Abstract:
Protective immunity to Plasmodium falciparum malaria acquired after natural exposure is largely antibody mediated. IgG-specific
P. falciparum EMP1 (PfEMP1) proteins on the infected erythrocyte surface are particularly important. The transient antibody
responses and the slowly acquired protective immunity probably reflect the clonal antigenic variation and allelic polymorphism
of PfEMP1. However, it is likely that other immune-evasive mechanisms are also involved, such as interference with
formation and maintenance of immunological memory. We measured PfEMP1-specific antibody levels by enzyme-linked immunosorbent
assay (ELISA) and memory B-cell frequencies by enzyme-linked immunosorbent spot (ELISPOT) assay in a cohort of
P. falciparum-exposed nonpregnant Ghanaian women. The antigens used were a VAR2CSA-type PfEMP1 (IT4VAR04) with expression
restricted to parasites infecting the placenta, as well as two commonly recognized PfEMP1 proteins (HB3VAR06 and
IT4VAR60) implicated in rosetting and not pregnancy restricted.
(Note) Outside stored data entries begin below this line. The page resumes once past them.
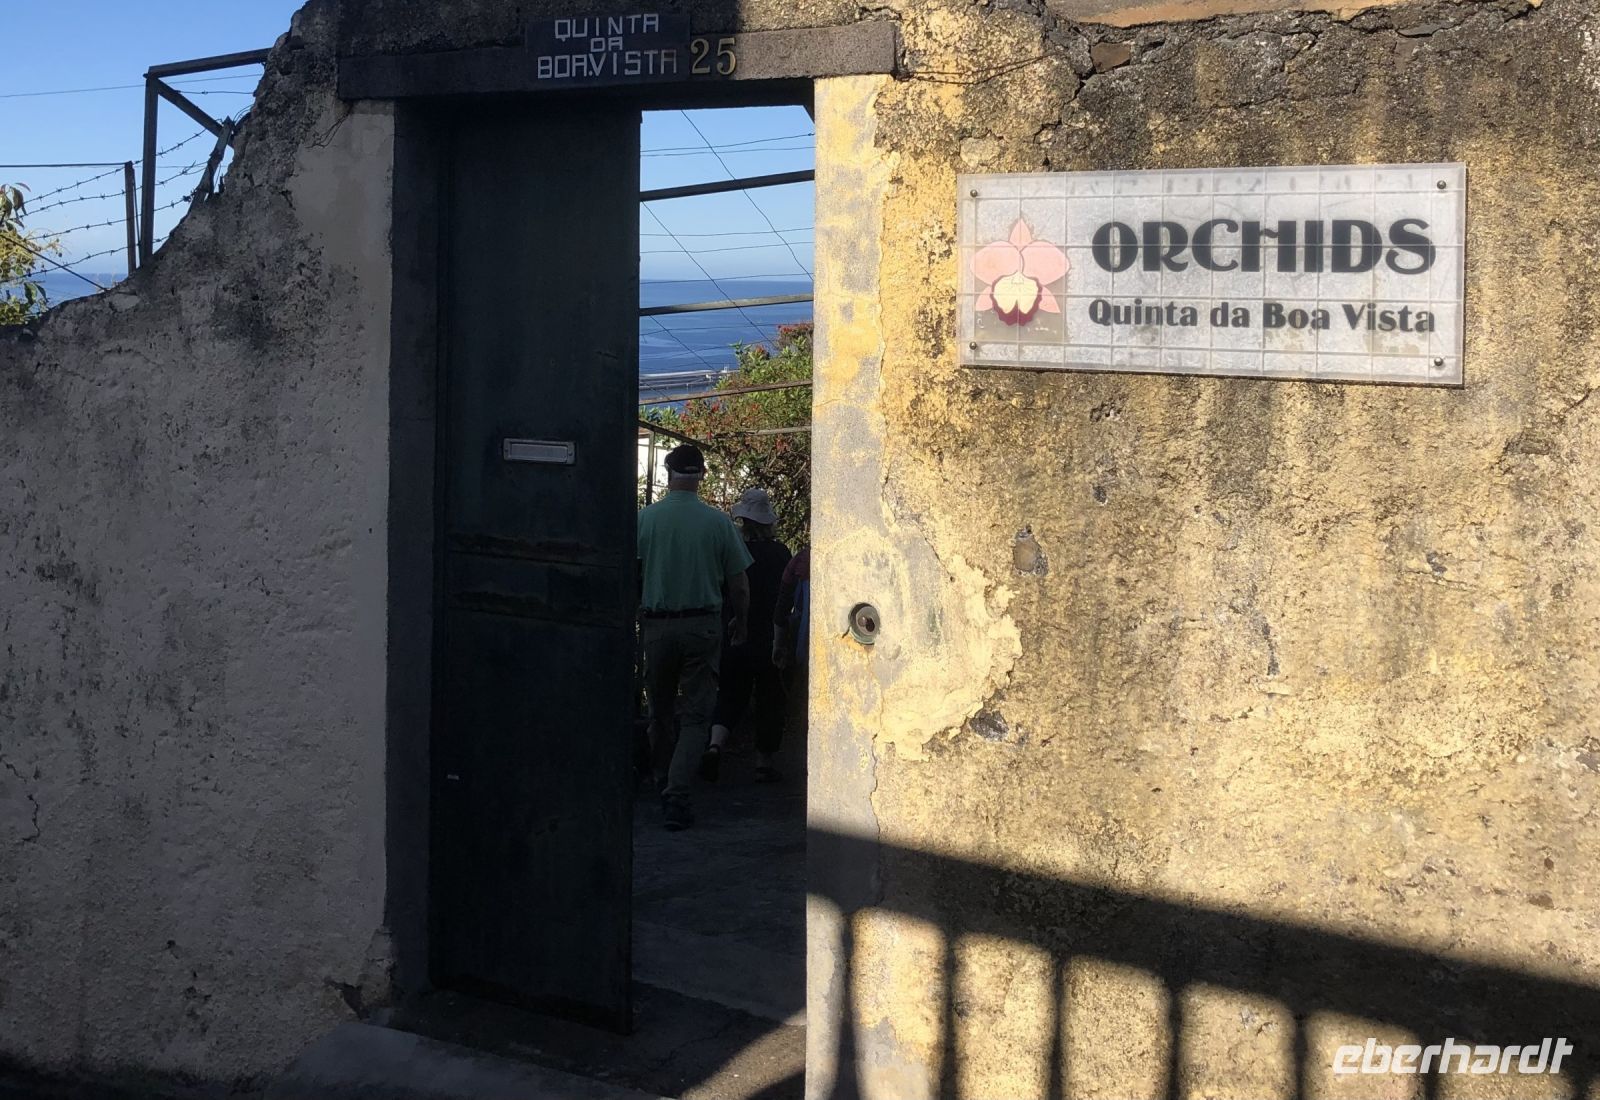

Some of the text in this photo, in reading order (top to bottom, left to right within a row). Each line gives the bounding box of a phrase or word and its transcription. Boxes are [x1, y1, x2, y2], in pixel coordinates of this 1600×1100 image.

[555, 13, 659, 41] QUINTA
[590, 36, 623, 52] DA
[691, 37, 737, 76] 25
[1091, 218, 1436, 275] ORCHIDS
[1088, 299, 1436, 333] Quinta da Boa Vista
This enabled, for the first time, a direct comparison in the same
individuals of immune responses specific for a clinically important parasite antigen expressed only during well-defined periods
(pregnancy) to responses specific for comparable antigens expressed independent of pregnancy. Our data indicate that PfEMP1-
specific B-cell memory is adequately acquired even when antigen exposure is infrequent (e.g., VAR2CSA-type PfEMP1). Furthermore,
immunological memory specific for VAR2CSA-type PfEMP1 can be maintained for many years without antigen reexposure
and after circulating antigen-specific IgG has disappeared. The study provides evidence that natural exposure to P.
falciparum leads to formation of durable B-cell immunity to clinically important PfEMP1 antigens. This has encouraging implications
for current efforts to develop PfEMP1-based vaccines.